Unions represent groups of employees in certain trades and professions, and engage in "collective bargaining" -- negotiation between an employer and unionized employees in which certain work conditions and terms of employment are decided. Although in the late twentieth and early twenty-first century the power of unions have declined, over the years they have been responsible for many of the employee rights we enjoy today. Some employees, particularly government employees, are still unionized. Below you will find information on unions, rights of union members, and obligations of employers when dealing with represented employees and unionization efforts.
What is Collective Bargaining?
Collective bargaining refers to a situation where a union or other collective group of employees negotiates and communicates with an employer or the management of the employing company on the behalf of the individual workers. Collective bargaining allows the workers to negotiate the terms and conditions of their employment as a group, which provides some efficiency and better negotiating power for workers than individual negotiation would provide.

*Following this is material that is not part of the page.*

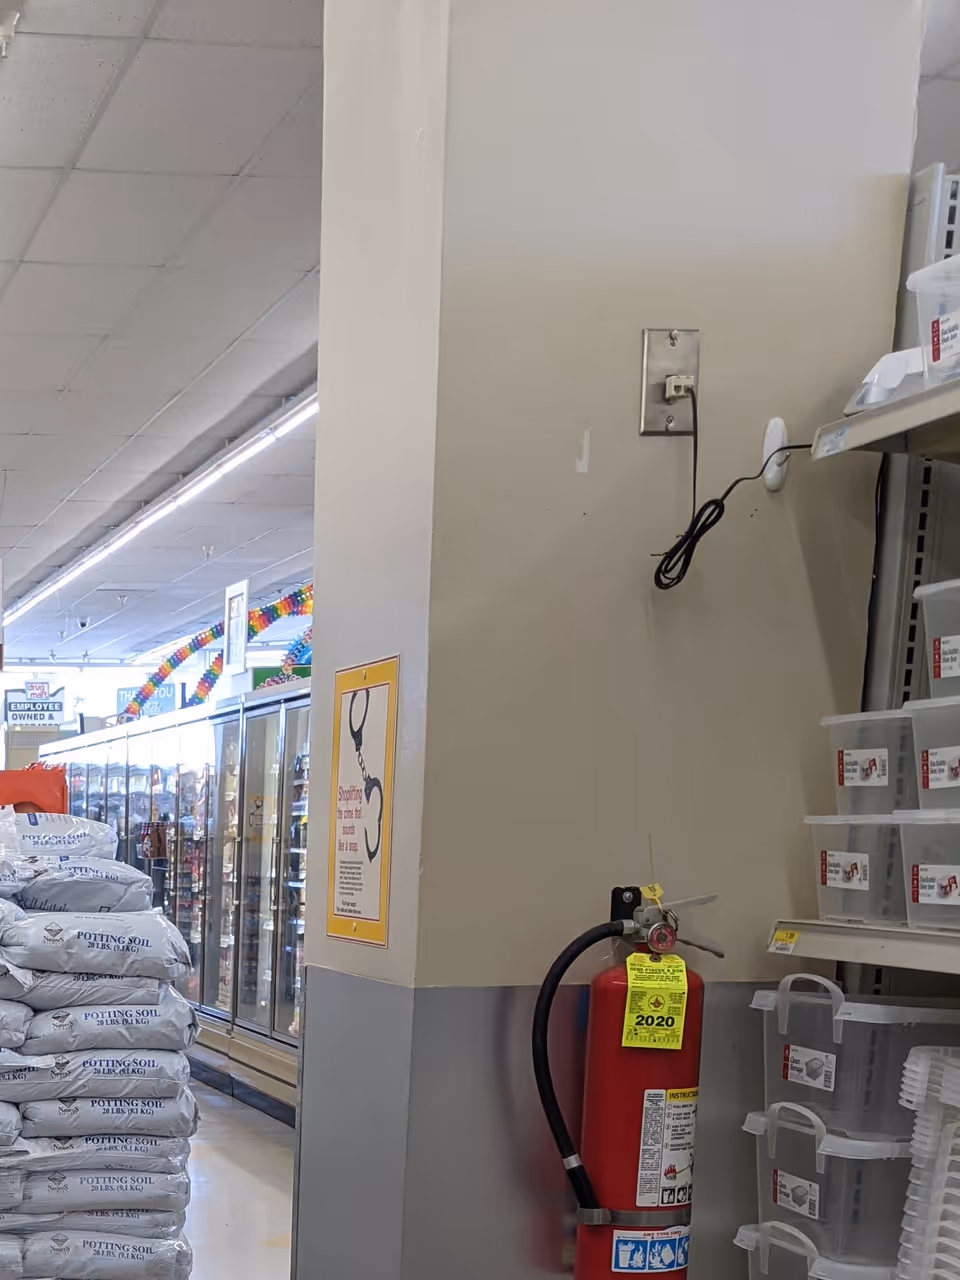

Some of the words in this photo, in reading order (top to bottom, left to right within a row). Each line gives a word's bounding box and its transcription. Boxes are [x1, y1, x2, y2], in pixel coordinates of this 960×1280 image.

Many issues relating to unions and collective bargaining agreements are regulated by the National Labor Relations Board (NLRB), a federal agent that implements the National Labor Relations Act (NLRA). The NLRA protects the right of employees to join a union and collectively bargain, though it also indicates some types of employers and industries that are not protected by the law. Among other obligations the parties in collective bargaining must negotiate in "good faith." Unions themselves have an obligation to represent their members in a fair and equal manner.
Union Member Rights and Officer Responsibilities
The Labor Management Reporting and Disclosure Act (LMRDA) regulates the relationship between union members and officers. The Office of Labor-Management Standards (OLMS) enforces the provisions of the LMRDA, though some provisions permit enforcement by union members through lawsuit in federal court.
The Union Member Bill of Rights under the LMRDA provides union members with equal rights to participation in union activities, freedom of speech and assembly, the right to participate in setting union dues, fees, and assessments, the right to sue, and safeguards against improper discipline. Union members are also entitled to copies of collective bargaining agreements. Union members have the right to nominate officers, run for office, cast a secret ballot, and protest the conduct of an election.
Union Officers are responsible for implementing financial safeguards to prevent the embezzlement of union funds and must be bonded to protect against losses. Officers must also file annual financial reports and maintain accurate records including disclosing any loans, benefits, or financial interests between union officers or employees and the businesses that employ the workers they represent.
Officer elections must be held by secret ballot at least every three years. Election records must be maintained for a year and candidates must be permitted to inspect the union membership list once within 30 days prior to the election. Every member must be notified by mail 15 days prior to the election. The union and employer cannot use funds or resources to promote any candidate and the union must comply with a candidate's request to distribute campaign materials. Candidates are permitted to have election observers.